So I'm trying to train my BigBird model (BigBirdForSequenceClassification) and I got to the moment of the training, which ends with below error message:
Traceback (most recent call last):
File "C:\Users\######", line 189, in <module>
train_loss, _ = train()
File "C:\Users\######", line 152, in train
loss = cross_entropy(preds, labels)
File "C:\Users\#####\venv\lib\site-packages\torch\nn\modules\module.py", line 1102, in _call_impl
return forward_call(*input, **kwargs)
File "C:\Users\######\venv\lib\site-packages\torch\nn\modules\loss.py", line 211, in forward
return F.nll_loss(input, target, weight=self.weight, ignore_index=self.ignore_index, reduction=self.reduction)

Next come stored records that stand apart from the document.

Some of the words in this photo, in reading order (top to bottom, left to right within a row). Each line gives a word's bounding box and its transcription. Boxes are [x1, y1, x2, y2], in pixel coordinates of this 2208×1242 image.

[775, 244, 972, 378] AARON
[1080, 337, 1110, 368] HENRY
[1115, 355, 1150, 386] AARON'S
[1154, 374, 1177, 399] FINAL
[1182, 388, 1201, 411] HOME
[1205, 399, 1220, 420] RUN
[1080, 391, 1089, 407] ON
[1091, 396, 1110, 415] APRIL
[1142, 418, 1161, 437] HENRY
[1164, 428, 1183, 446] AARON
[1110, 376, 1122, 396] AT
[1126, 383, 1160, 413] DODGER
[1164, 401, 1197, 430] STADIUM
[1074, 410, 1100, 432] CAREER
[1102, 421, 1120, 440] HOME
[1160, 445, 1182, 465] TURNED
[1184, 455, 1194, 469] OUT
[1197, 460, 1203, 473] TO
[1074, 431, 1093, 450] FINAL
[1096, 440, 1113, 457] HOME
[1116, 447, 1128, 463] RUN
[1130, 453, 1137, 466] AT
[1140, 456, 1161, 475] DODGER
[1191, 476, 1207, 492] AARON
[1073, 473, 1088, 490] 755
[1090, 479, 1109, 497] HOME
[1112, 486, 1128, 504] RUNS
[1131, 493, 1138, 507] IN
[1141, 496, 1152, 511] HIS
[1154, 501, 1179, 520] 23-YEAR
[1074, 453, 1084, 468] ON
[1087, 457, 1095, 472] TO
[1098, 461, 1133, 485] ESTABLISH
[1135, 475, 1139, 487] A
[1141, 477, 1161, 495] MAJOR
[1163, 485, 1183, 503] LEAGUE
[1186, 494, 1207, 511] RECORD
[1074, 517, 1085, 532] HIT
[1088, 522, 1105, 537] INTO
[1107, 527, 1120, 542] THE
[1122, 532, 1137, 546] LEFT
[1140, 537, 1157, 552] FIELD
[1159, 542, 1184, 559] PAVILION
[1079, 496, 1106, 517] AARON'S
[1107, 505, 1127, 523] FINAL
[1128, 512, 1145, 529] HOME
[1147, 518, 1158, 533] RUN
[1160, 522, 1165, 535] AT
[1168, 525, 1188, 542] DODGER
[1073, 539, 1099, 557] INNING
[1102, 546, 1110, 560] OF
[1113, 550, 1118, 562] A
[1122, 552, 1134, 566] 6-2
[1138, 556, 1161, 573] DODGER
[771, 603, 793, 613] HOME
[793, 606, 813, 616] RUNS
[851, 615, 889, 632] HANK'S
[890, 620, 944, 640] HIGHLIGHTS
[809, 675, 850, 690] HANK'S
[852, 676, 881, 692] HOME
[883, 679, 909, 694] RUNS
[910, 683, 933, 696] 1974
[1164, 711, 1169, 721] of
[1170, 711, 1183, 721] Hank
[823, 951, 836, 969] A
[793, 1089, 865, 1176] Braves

File "C:\Users\######\venv\lib\site-packages\torch\nn\functional.py", line 2532, in nll_loss
return torch._C._nn.nll_loss_nd(input, target, weight, _Reduction.get_enum(reduction), ignore_index)
TypeError: nll_loss_nd(): argument 'input' (position 1) must be Tensor, not tuple
From what I understand, the problem happens because the train() function returns the tuple. Now - my question is how I should approach such issue? How do I change the output of train() function to return tensor instead of tuple? I have seen similar issues posted here but none of the solutions seems to be helpful in my case, not even
model = BigBirdForSequenceClassification(config).from_pretrained(checkpoint, return_dict=False)

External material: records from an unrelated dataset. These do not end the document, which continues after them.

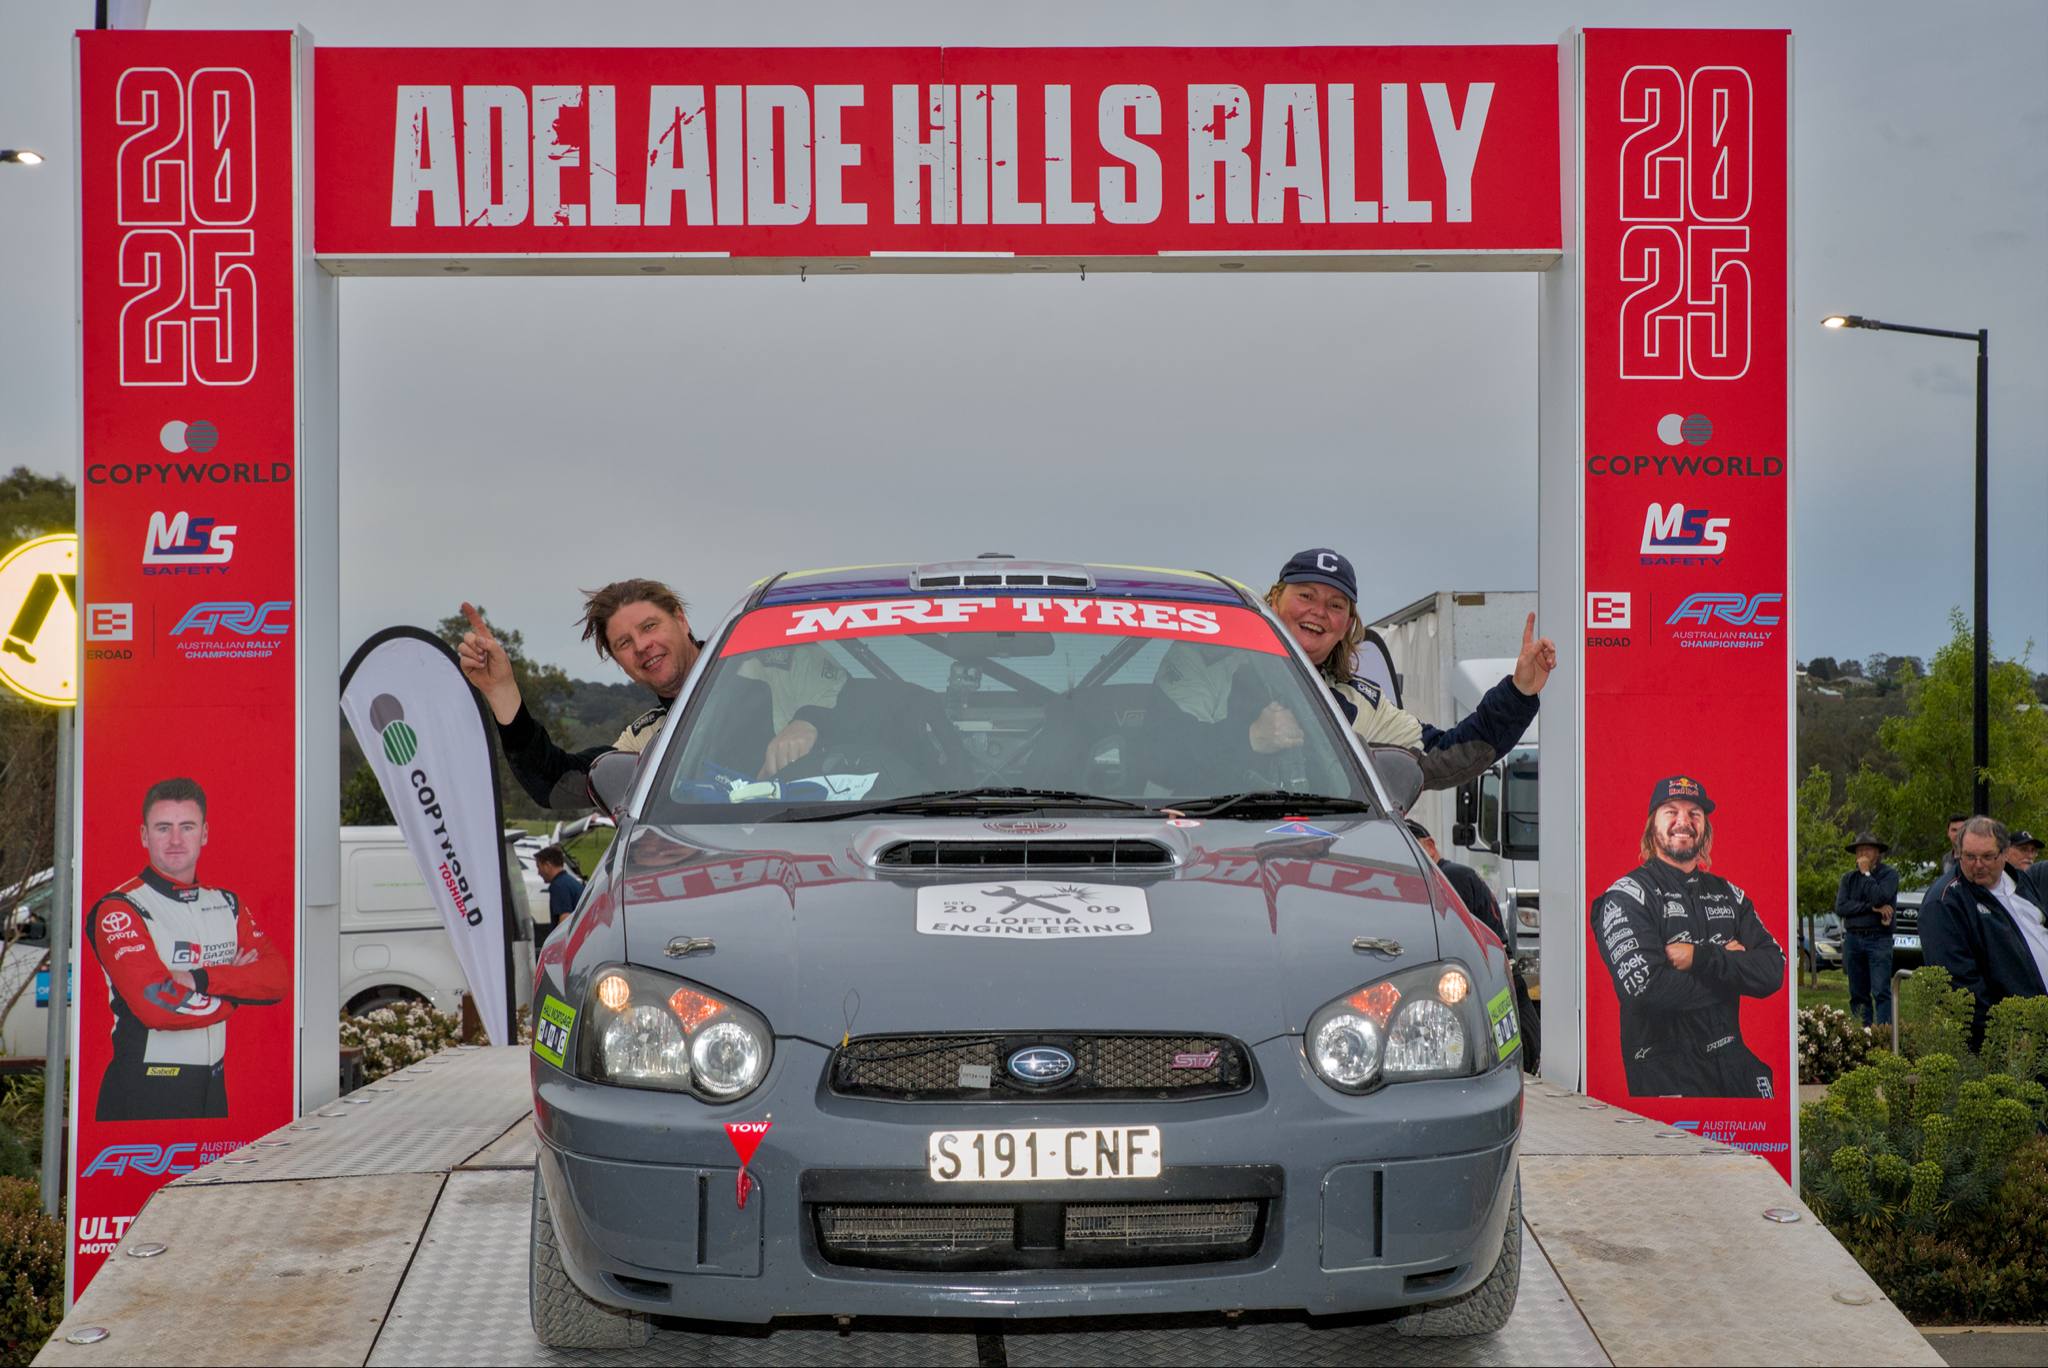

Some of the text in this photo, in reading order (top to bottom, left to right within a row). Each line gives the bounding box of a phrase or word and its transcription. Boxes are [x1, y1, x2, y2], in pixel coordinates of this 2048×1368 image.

[116, 67, 256, 225] 20
[1620, 65, 1753, 222] 20
[390, 82, 1496, 226] ADELAIDE HILLS RALLY
[118, 229, 257, 386] 25
[1620, 225, 1751, 380] 25
[1588, 455, 1784, 476] COPYWORLD
[87, 463, 291, 484] COPYWORLD
[1316, 553, 1339, 573] C
[1640, 557, 1725, 566] SAFETY
[142, 566, 231, 575] SAFETY
[1665, 592, 1783, 626] ARC
[169, 601, 292, 635] ARC
[785, 597, 1221, 636] MRF TYRES
[1672, 631, 1772, 640] AUSTRALIAN RALLY
[177, 640, 281, 650] AUSTRALIAN RALLY
[1587, 637, 1631, 647] EROAD
[1680, 640, 1764, 648] CHAMPIONSHIP
[87, 650, 133, 660] EROAD
[185, 650, 273, 659] CHAMPIONSHIP
[438, 862, 467, 918] TOSHIBA
[944, 905, 977, 913] 20
[1087, 905, 1120, 913] 09
[985, 917, 1082, 925] LOFTIA
[932, 923, 1134, 933] ENGINEERING
[106, 930, 138, 944] TOYOTA
[1623, 965, 1650, 995] FIST
[729, 1123, 768, 1133] TOW
[1703, 1121, 1767, 1131] AUSTRALIAN
[1703, 1131, 1737, 1141] RALLY
[81, 1143, 197, 1177] ARC
[79, 1216, 136, 1240] ULT
[79, 1243, 117, 1254] MOTO

(When I don't add return_dict=False I got similiar error message but it says "TypeError: nll_loss_nd(): argument 'input' (position 1) must be Tensor, not SequenceClassifierOutput
"
Please see my train code below:
def train():
model.train()
total_loss = 0
total_preds = []
for step, batch in enumerate(train_dataloader):
if step % 10 == 0 and not step == 0:
print('Batch {:>5,} of {:>5,}.'.format(step, len(train_dataloader)))

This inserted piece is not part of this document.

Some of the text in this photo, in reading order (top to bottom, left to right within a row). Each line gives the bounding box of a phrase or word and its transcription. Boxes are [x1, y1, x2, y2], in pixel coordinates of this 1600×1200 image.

batch = [r.to(device) for r in batch]
sent_id, mask, labels = batch
preds = model(sent_id, mask)
loss = cross_entropy(preds, labels)
total_loss = total_loss + loss.item()
loss.backward()
torch.nn.utils.clip_grad_norm_(model.parameters(), 1.0)
optimizer.step()
optimizer.zero_grad()
preds = preds.detach().cpu().numpy()
total_preds.append(preds)
avg_loss = total_loss / len(train_dataloader)
total_preds = np.concatenate(total_preds, axis=0)
return avg_loss, total_preds
and then:
for epoch in range(epochs):
print('\n Epoch {:} / {:}'.format(epoch + 1, epochs))
train_loss, _ = train()
train_losses.append(train_loss)
torch.backends.cudnn.deterministic = True
torch.backends.cudnn.benchmark = False
I will really appreciate any help on this case and thank you in advance!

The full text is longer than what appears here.